CVE-2020-25722 s4/dsdb/samldb: check for SPN uniqueness, including aliases

Not only should it not be possible to add a servicePrincipalName that
is already present in the domain, it should not be possible to add one
that is implied by an entry in sPNMappings, unless the user is adding
an alias to another SPN and has rights to alter that one.

For example, with the default sPNMappings, cifs/ is an alias pointing to
host/, meaning if there is no cifs/example.com SPN, the host/example.com
one will be used instead.
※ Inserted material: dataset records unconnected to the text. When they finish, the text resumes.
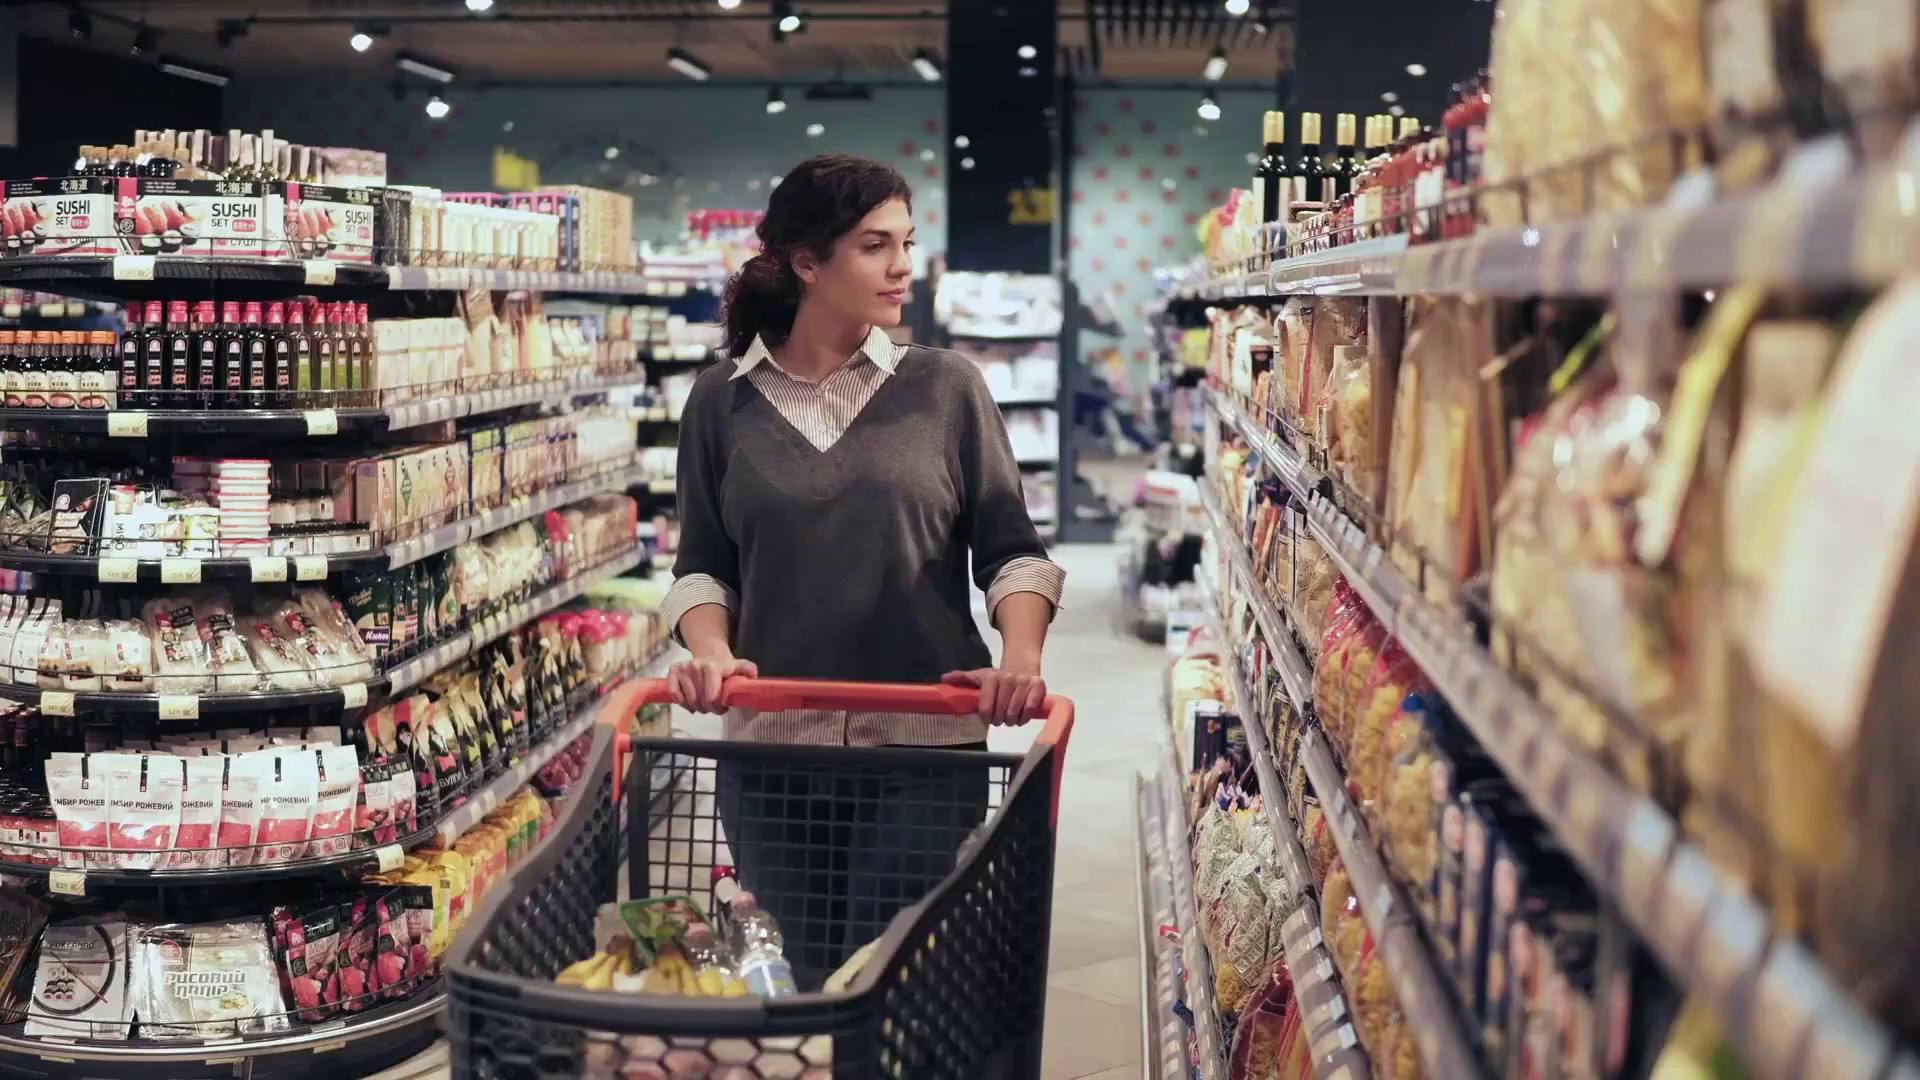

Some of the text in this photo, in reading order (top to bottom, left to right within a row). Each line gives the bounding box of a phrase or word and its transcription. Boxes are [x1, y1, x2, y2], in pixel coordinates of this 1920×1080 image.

[215, 182, 253, 194] 北海道
[56, 200, 90, 215] SUSHI
[211, 203, 257, 218] SUSHI
[55, 217, 69, 226] SET
[345, 210, 371, 225] SUSHI
[211, 219, 229, 227] SET
[345, 224, 356, 233] SET
[318, 785, 351, 798] РОЖЕВИЙ
[79, 799, 105, 807] РОЖЕВ
[181, 800, 213, 808] ОЖЕВИЙ
[222, 800, 253, 809] ОЖЕВИЙ
[272, 796, 310, 804] РОЖЕВИЙ
[136, 801, 173, 811] РОЖЕВИЙ
A user can add the cifs/example.com SPN only
if they can also change the host/example.com one (because adding the
cifs/ effectively changes the host/). The reverse is refused in all cases,
unless they happen to be on the same object. That is, if there is a
cifs/example.com SPN, there is no way to add host/example.com elsewhere.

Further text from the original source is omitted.